* Aim of the exercise:
Please return every entry below exactly as written, without any of its pictures.

* Data records:
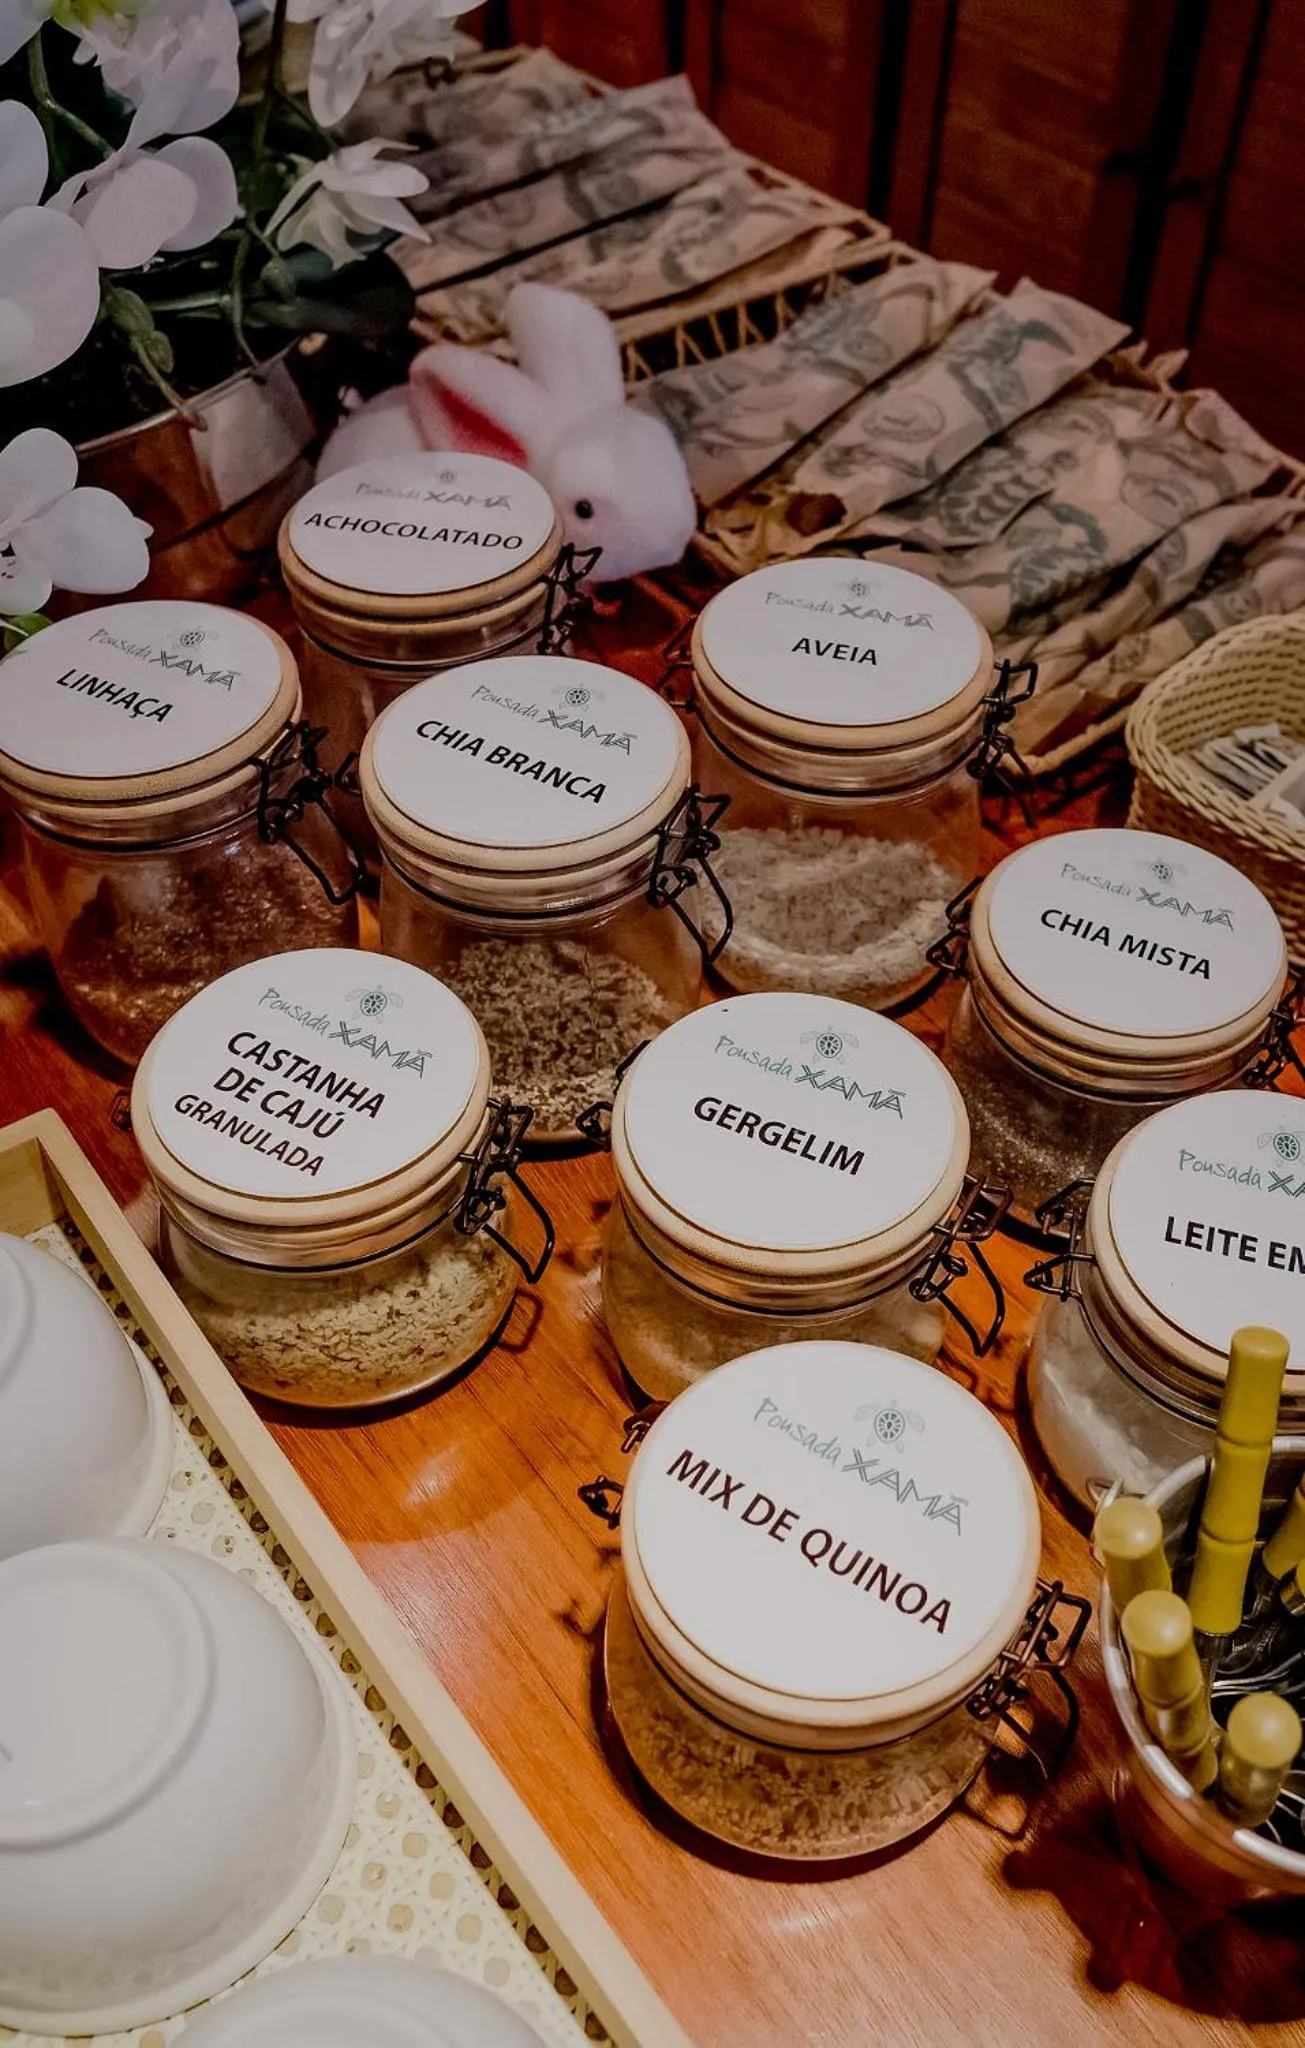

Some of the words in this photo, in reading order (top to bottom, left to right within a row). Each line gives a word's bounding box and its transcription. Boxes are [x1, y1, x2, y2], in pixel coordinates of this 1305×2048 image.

[304, 513, 523, 550] ACHOCOLATADO
[791, 638, 878, 665] AVEIA
[56, 669, 173, 722] LINHAÇA
[471, 685, 541, 720] Pousada
[416, 720, 485, 757] CHIA
[485, 745, 607, 804] BRANCA
[1060, 863, 1132, 897] Pousada
[1041, 909, 1110, 947] CHIA
[1118, 934, 1211, 980] MISTA
[257, 988, 330, 1036] Pousada
[227, 1031, 387, 1119] CASTANHA
[714, 1034, 793, 1081] Pousada
[213, 1067, 265, 1103] DE
[260, 1090, 346, 1139] CAJÚ
[174, 1094, 325, 1176] GRANULADA
[694, 1096, 865, 1175] GERGELIM
[1178, 1148, 1262, 1191] Pousada
[1164, 1216, 1258, 1263] LEITE
[753, 1396, 843, 1468] Pousada
[665, 1449, 745, 1511] MIX
[740, 1492, 801, 1542] DE
[799, 1528, 952, 1635] QUINOA

* The answer:
Some of the words in this photo, in reading order (top to bottom, left to right within a row). Each line gives a word's bounding box and its transcription. Boxes are [x1, y1, x2, y2], in pixel coordinates of this 1305×2048 image.

[304, 513, 523, 550] ACHOCOLATADO
[791, 638, 878, 665] AVEIA
[56, 669, 173, 722] LINHAÇA
[471, 685, 541, 720] Pousada
[416, 720, 485, 757] CHIA
[485, 745, 607, 804] BRANCA
[1060, 863, 1132, 897] Pousada
[1041, 909, 1110, 947] CHIA
[1118, 934, 1211, 980] MISTA
[257, 988, 330, 1036] Pousada
[227, 1031, 387, 1119] CASTANHA
[714, 1034, 793, 1081] Pousada
[213, 1067, 265, 1103] DE
[260, 1090, 346, 1139] CAJÚ
[174, 1094, 325, 1176] GRANULADA
[694, 1096, 865, 1175] GERGELIM
[1178, 1148, 1262, 1191] Pousada
[1164, 1216, 1258, 1263] LEITE
[753, 1396, 843, 1468] Pousada
[665, 1449, 745, 1511] MIX
[740, 1492, 801, 1542] DE
[799, 1528, 952, 1635] QUINOA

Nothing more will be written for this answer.